Distinct Antifungal Mechanisms: β-Defensins RequireCandida albicansSsa1 Protein, while Trk1p Mediates Activity of Cysteine-Free Cationic Peptides

Abstract

Salivary histatin 5 (Hst 5) kills the fungal pathogen Candida albicans via a multistep process which includes binding to Ssa1/2 proteins on the cell surface and requires the TRK1 potassium transporter. Hst 5-induced membrane permeability to propidium iodide (PI) was nearly abolished in strain CaTK1 (TRK1/trk1), suggesting that Hst 5-induced influx of PI is via Trk1p. To explore the functional role of Trk1p in the mechanism of other antifungal peptides, we evaluated candidacidal activity and PI uptake in wild-type strain CaTK2 (TRK1/TRK1) and strain CaTK1 following treatment with lactoferricin 11 (LFcn 11), bactenecin 16 (BN 16), and virion-associated protein VPR 12. Strain CaTK1 was resistant to killing with these peptides (VPR 12 > LFcn 11 > BN 16), showing the requirement of Trk1p for fungicidal activity.
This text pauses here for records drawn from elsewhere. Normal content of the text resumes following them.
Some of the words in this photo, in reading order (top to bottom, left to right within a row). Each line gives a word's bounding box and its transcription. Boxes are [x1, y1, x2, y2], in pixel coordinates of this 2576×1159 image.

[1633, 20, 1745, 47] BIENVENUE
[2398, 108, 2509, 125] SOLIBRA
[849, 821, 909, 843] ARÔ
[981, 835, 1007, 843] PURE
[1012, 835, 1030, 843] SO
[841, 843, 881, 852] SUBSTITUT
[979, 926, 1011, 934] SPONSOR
In contrast, human neutrophil defensin 1 (HNP-1), human β-defensin 2 (hBD-2), and hBD-3 effects on viability of and membrane permeability to PI were not different between mutant and wild-type strains, clearly showing that their candidacidal mechanism does not involve Trk1p as a functional effector. To test whether defensins require binding to Candida surface Ssa1/2 proteins for their activity, we measured the killing effectiveness in SSA1/2 mutant strains. Both hBD-2 and hBD-3, but not HNP-1, exhibited reduced killing of ssa1Δ and ssa2Δ strains compared to the wild type, showing that Ssa1 and Ssa2 proteins are required for their fungicidal activity. These results demonstrate that (i) Trk1p mediates candidacidal activities of cysteine-free peptides, but not of defensins, and (ii) hBD-2 and hBD-3, but not HNP-1, require Ssa1/2p for antifungal activity.